In Arundhati Roy's novel, The God of Small Things, the happenings in the lives of the main characters make it possible for us to visualize a southern Indian small town,  and the way life takes its course through all its attractions and disappointments.



I very much admire the language, which often tastes like the right amount of chili sauce with your favorite food. It gives an additional tinge to the food without killing its real taste. At times, it pushes you to the edge of a hill, encouraging you to look down for a surprise in the landscape.

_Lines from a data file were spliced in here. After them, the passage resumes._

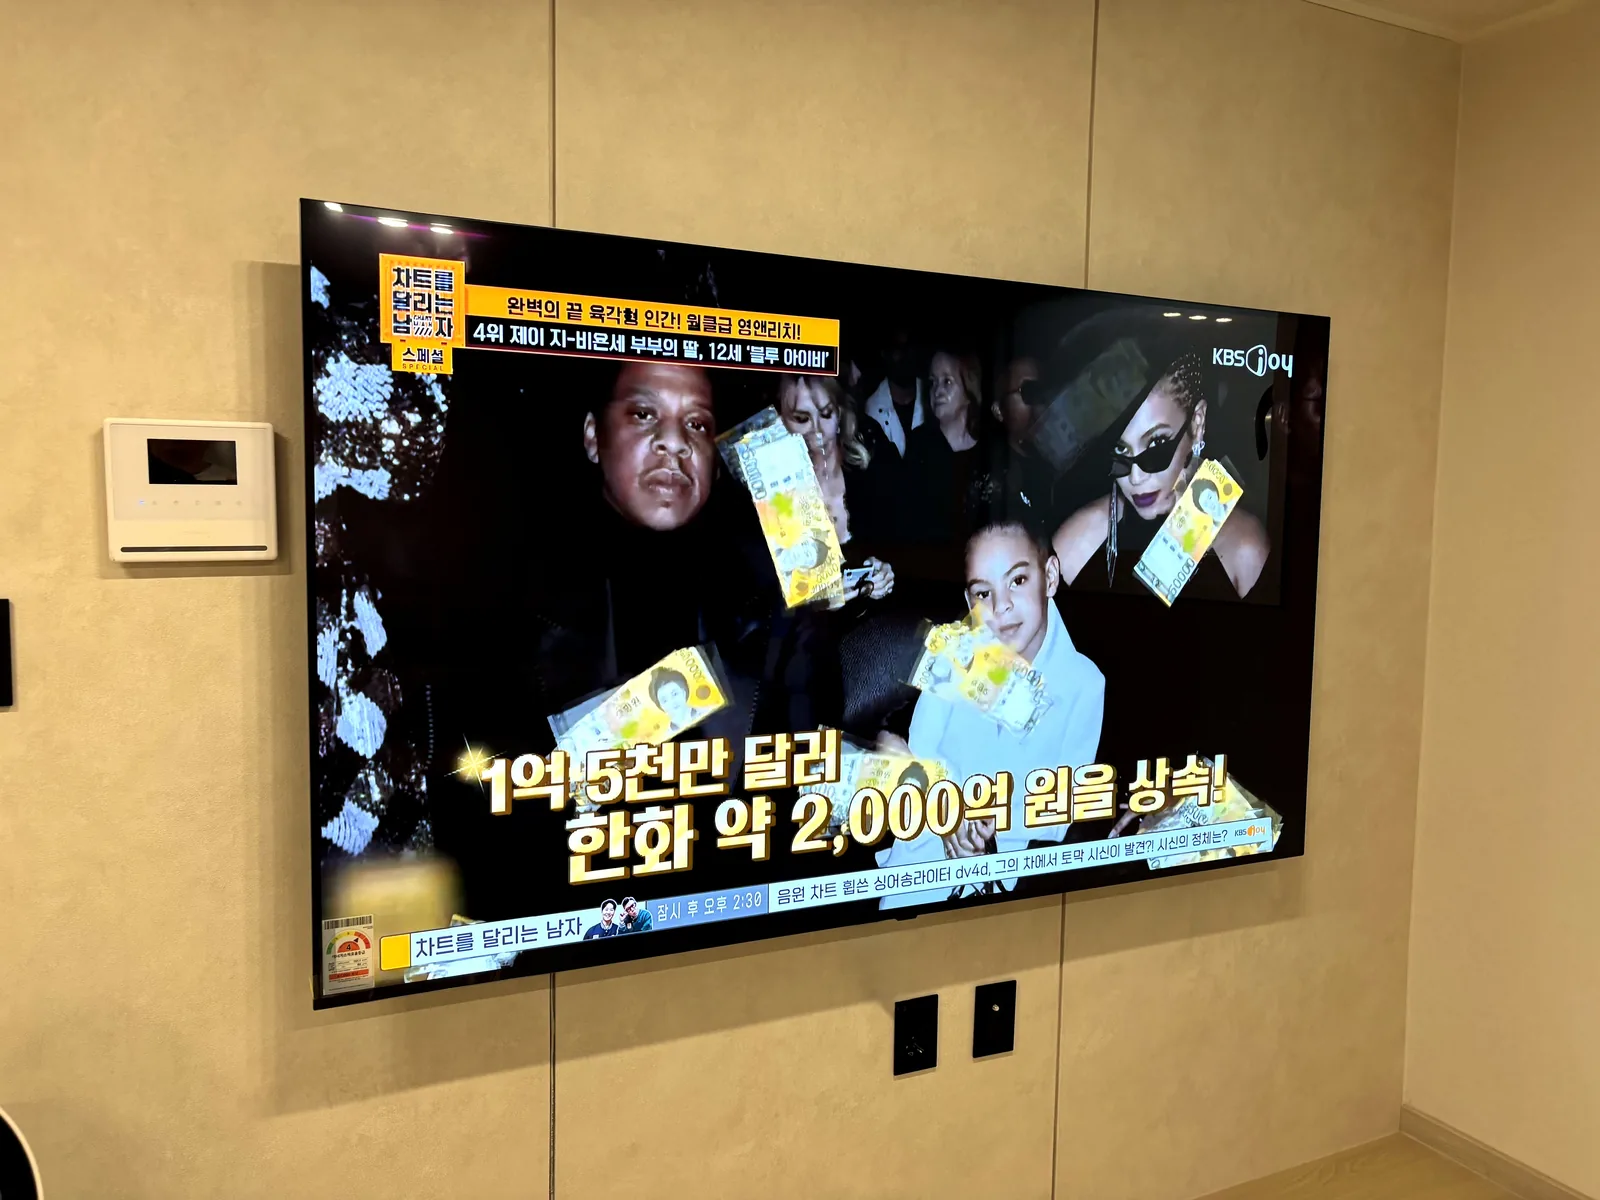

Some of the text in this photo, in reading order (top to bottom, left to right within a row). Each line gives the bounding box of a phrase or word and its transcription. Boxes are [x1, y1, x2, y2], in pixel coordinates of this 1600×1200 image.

[392, 267, 453, 292] 차트를
[392, 290, 453, 316] 달리는
[507, 296, 801, 340] 완벽의 끝 육각형 인간! 월클급 영앤리치!
[402, 347, 444, 364] 스페셜
[472, 322, 830, 369] 4위 제이 지-비욘세 부부의 딸, 12세 '블루 아이비'
[1212, 347, 1245, 367] KBS
[402, 363, 444, 371] SPECIAL
[480, 728, 843, 816] 1억 5천만 달러
[565, 753, 1228, 885] 한화 약 2,000억 원을 상속!
[777, 829, 1228, 905] 음원 차트 휩쓴 싱어송라이터 dv4d, 그의 차에서 토막 시신이 발견?! 시신의 정체는?
[657, 891, 762, 922] 잠시 후 오후 2:30
[415, 917, 582, 958] 차트를 달리는 남자

Roy also adds the shortest possible sentences to give depth to what was said. These are like small waves, coming after the main thought, highlighting its intensity and valor: "A limp floorswab, and two rusty tin cans of nothing. They could have been Paradise Pickle products. Pineapple chunks in syrup. Or slices. Pineapple slices."

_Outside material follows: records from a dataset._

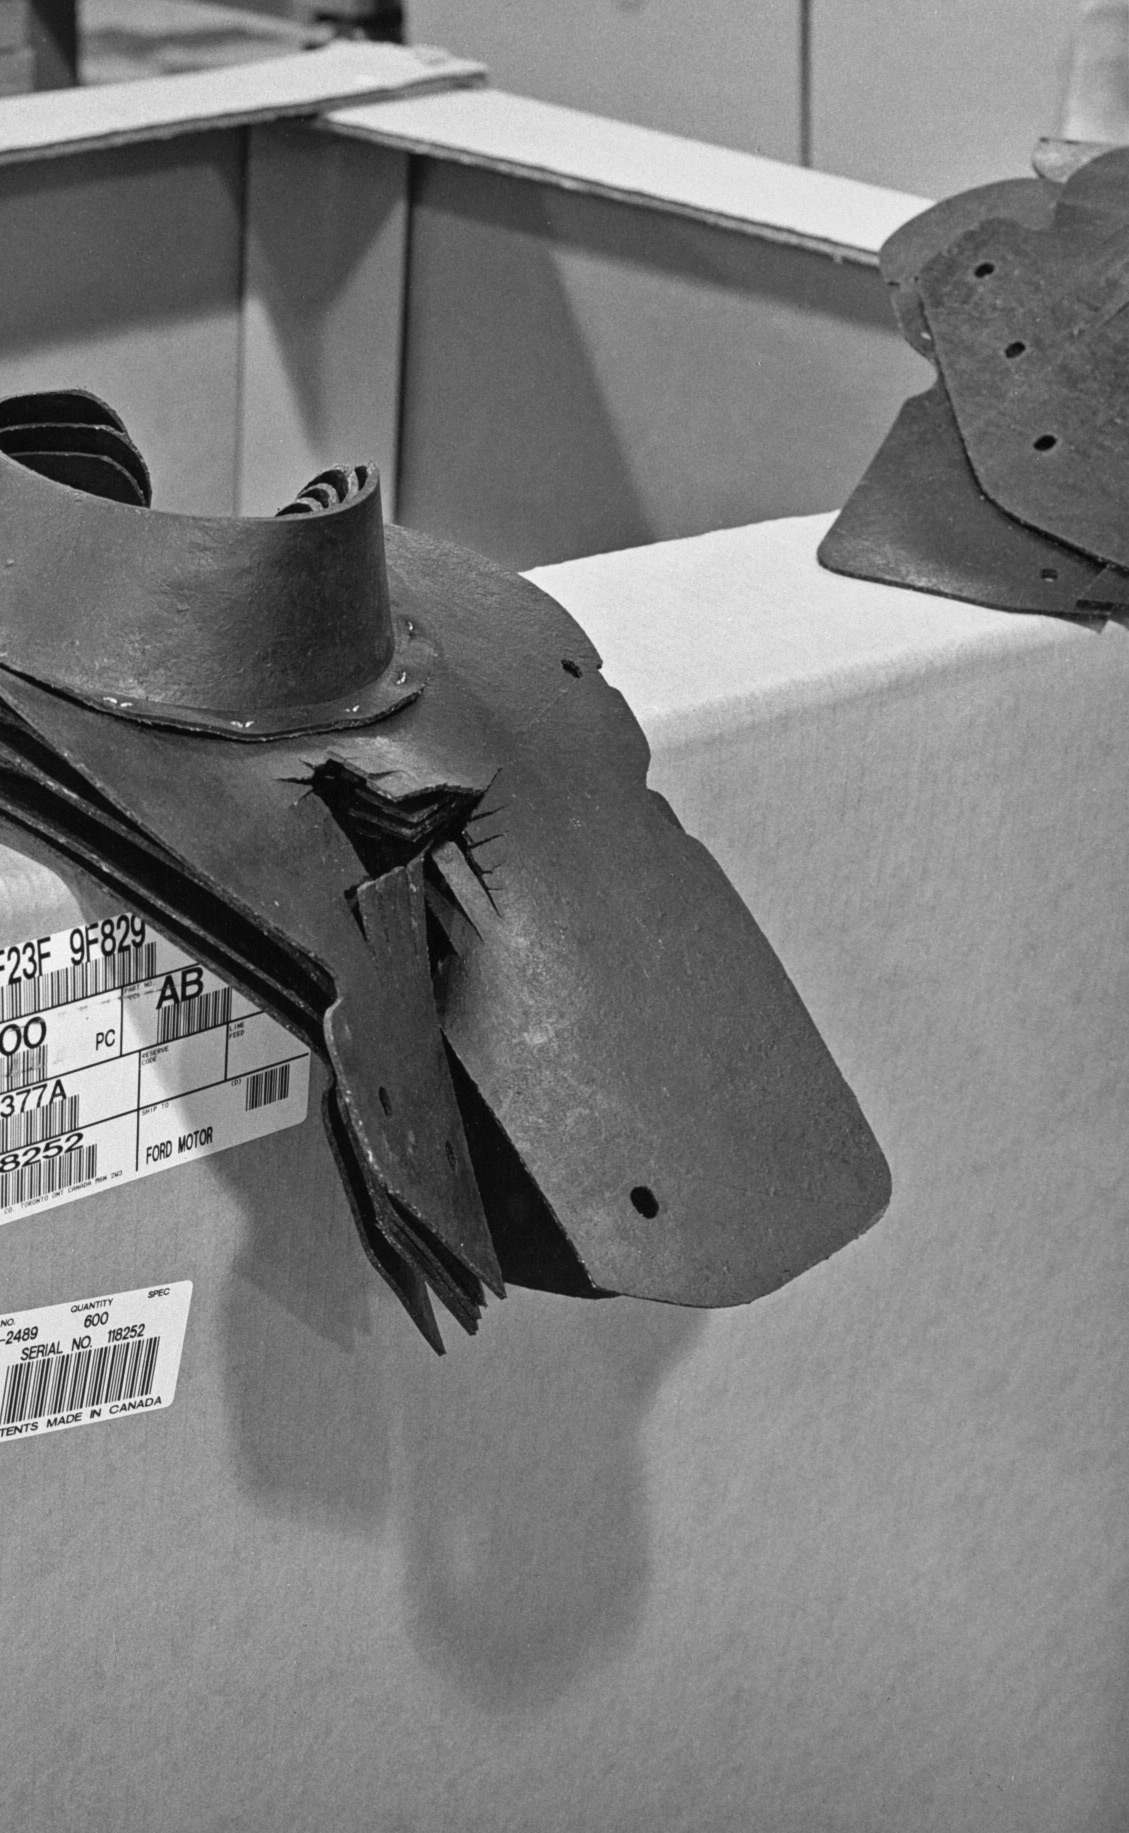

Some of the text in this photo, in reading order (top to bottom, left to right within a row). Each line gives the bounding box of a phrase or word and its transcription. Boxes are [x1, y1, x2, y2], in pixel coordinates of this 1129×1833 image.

[69, 914, 146, 966] 9F829
[156, 966, 204, 1009] AB
[229, 1021, 245, 1032] LINE
[229, 1030, 245, 1039] FEED
[95, 1029, 116, 1051] PC
[141, 1046, 169, 1059] RESERVE
[141, 1057, 157, 1066] CODE
[141, 1106, 158, 1116] SHIP
[145, 1126, 213, 1165] FORD MOTOR
[20, 1195, 49, 1209] TORONTO
[52, 1189, 64, 1199] ONT
[68, 1180, 91, 1193] CANADA
[147, 1287, 171, 1299] SPEC
[70, 1298, 114, 1313] QUANTITY
[0, 1317, 15, 1328] NO.
[83, 1311, 109, 1328] 600
[20, 1323, 145, 1361] SERIAL NO. 118252
[46, 1412, 83, 1428] MADE
[89, 1407, 102, 1419] IN
[108, 1395, 162, 1415] CANADA

Another technique of hers is to use the same meter in a series of sentences describing the same scene. They are like cold waves on a summer day. They keep coming until they touch your feet, and take away some of the harshness of the sun hovering over you on the beach: "In the lobby orangedrinks were waiting. The lemondrinks were waiting. The melting chocolates were waiting. The electric blue foam leather car-sofas were waiting. The Coming Soon! Posters were waiting."

She often plays a game, with us by unfolding the story slowly to heighten our curiosity, and also with the language, depicting setting and its time in a crispy manner: "The Man wiped his marble counter with a dirt colored rag. And he waited. And waiting he wiped. And wiping he waited. And watched Estha sing."

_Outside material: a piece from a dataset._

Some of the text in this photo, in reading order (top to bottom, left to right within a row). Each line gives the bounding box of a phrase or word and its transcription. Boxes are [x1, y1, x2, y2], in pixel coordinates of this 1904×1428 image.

Her musical satire does not go unnoticed:

"Bon von Trapp had some questions of his own.

(a) Are they white children?
      No. (But Sophie Mol is.)
(b) Do they blow spit bubbles?
      Yes. (But Sophie Mol doesn't.)
(c) Do they shiver their legs? Like clerks?
      Yes.  (But Sophie Mol doesn't.)
(d) Have they either or both, ever held strangers' soo-soos?
      N . . . Nyes (Sophie Mol hasn't.)

      "Then I'm sorry," Baron von Clapp-Trapp said. "It's out of the question. I cannot love them. I cannot be their Baba. Oh no."
      Baron von Clapp-Trapp couldn't."

And the music she has created in the feelings of her characters: "Estha sat and watched. His stomach heaved. He had a green-wavy, thick-watery, lumpy, seaweedy, floaty, bottomless-bottomful feeling."

And her similes. Unique: "But Joe was dead now. Killed in a car crash. Dead as a doorknob. A Joe-shaped hole in the Universe."



This is one of the novels in which you enjoy nuances of language more than the story. The story, though, has its own charm, and every turn makes you look forward to the next one.